There were no animals anymore, they had long since evolved and left. The human race the last to realize its own potential was the sole inhabitant of the ill-fated orb they called home. A strong caste system enforced through countless generations had created numerous enigmatic physical traits, interbreeding between the caste was for so many generations the ultimate taboo that the separation of genes had created a physical incompatibility between the different groups. This did not bother the Androgens of the order of the long sandwich however. They despised lettuce...there would be none to mix the sacred mustard, with the holy pickle of divine beauty...no, their life was complete. The sandwich provided for them, it was indeed the chosen one.
"Are you going to buy that de-sanitizing electro harmonizing box Frank?", inquired Mary. "Do not mock me you toad! I eat with my spoon, do I not chew before I swallow, this is not water inside my nose, NO! Your trickery, your witchcraft cannot spook me, begone foul temptress, away with your berry colored lip balm, your hosiery, your needlecraft. I have no need for such trivial atrocities. Eat with pride I say, and drink with gusto, for someday you will be dead, and there will be no milk soaked cracker." buzzed from the torn speaker loosely attached to the streetwise HOBO2000, the newest and greatest in transient technology. Mary was scared, she dropped her basket and ran.
Without warning and despite enormous improbability, the stone of Azmer began to move. At first it was so minute, only the very sharpest senses would of noticed, but suddenly it shot out at quite an amazing velocity for a stone which had not previously been known to spontaneously dart off in any direction...or even move the slightest on its own. Haz knew this was the sign he was looking for. The mass suicides were to begin. "Now brothers we DRINK from the sacred cup of rancid fat, and eat from the plate of piggies long gone." preached Haz.
Chapter 3 - Situational Prosthetic Consciousness
This was an unusually uneventful day for Lybert he'd slept most of the day away, and now that dusk was swiftly approaching, in about fifteen seconds, with apocalypse to be following shortly thereafter. This was actually his third apocalypse. They had become quite routine, to him by now. He figured he'd sit down and watch the farm report on the television, for a spell, and just wait this one out...the whole giant apple falling on the old man in New York with that whole countdown and then the mass suicides had really grown tiresome, and dull.

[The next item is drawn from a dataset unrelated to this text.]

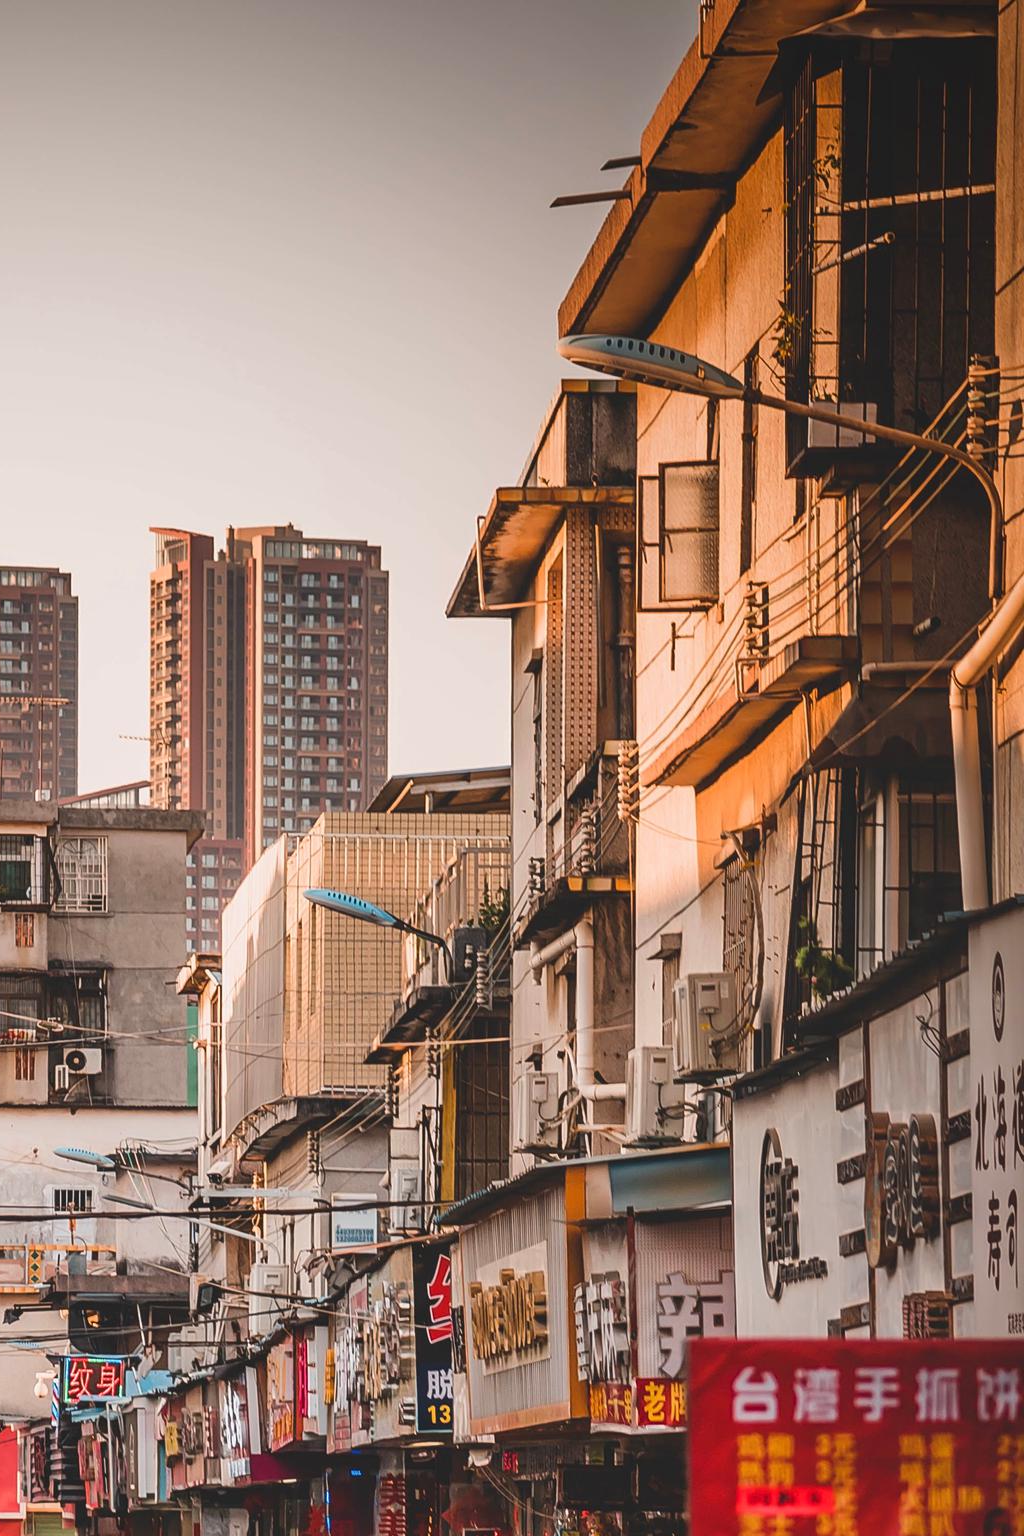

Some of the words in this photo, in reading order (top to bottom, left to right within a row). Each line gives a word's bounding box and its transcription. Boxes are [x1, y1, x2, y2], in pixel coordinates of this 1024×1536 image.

Society had never really understood the whole millennium thing, they as a whole always became extremely panicked and began to believe in the craziest of beliefs around this time. Realizing that culture was reaching a point where it could not tolerate the stress of this particular rollover of the calendar years, a team of the worlds top scientists devised a last minute system to safeguard mankind's existence in this plane of reality. The entire population was placed on a mass storage device, in the event of mass suicides, their essence would simply be rebuilt the following day, unfortunately these people who were miraculously reincarnated in their own bodies with their past memories relatively intact, never got over the changing of the years, and continued to believe the age was constantly coming to an end every evening usually around 8:25pm and 36 seconds central/mountain time, and thus would repeat the process each time growing more and more surreal in their lunacy. The real unfortunate part of this happened to be that a majority of the population was now caught in the ever tightening loop of insanity, often convincing and dragging more of the non-believers to their strange cults. All of this culminating to a mass suicide every night at 8:15 - 9:30pm central/mountain time, depending on their sect.
The only technology that was new was created by the old technology which had begun to take on a life of its own, still devotedly attempting to succeed in its ill-fated designers plan. Technology had grown to care for and love the creators who suffered this bizarre fate. Determined to save its "fathers", and put things right, yet...as a whole technology remained extremely inept. Key systems would crash at inopportune moments, causing surprise outages of important infrastructures such as the power grid...and often extreme data corruption in the human consciousness storage facility.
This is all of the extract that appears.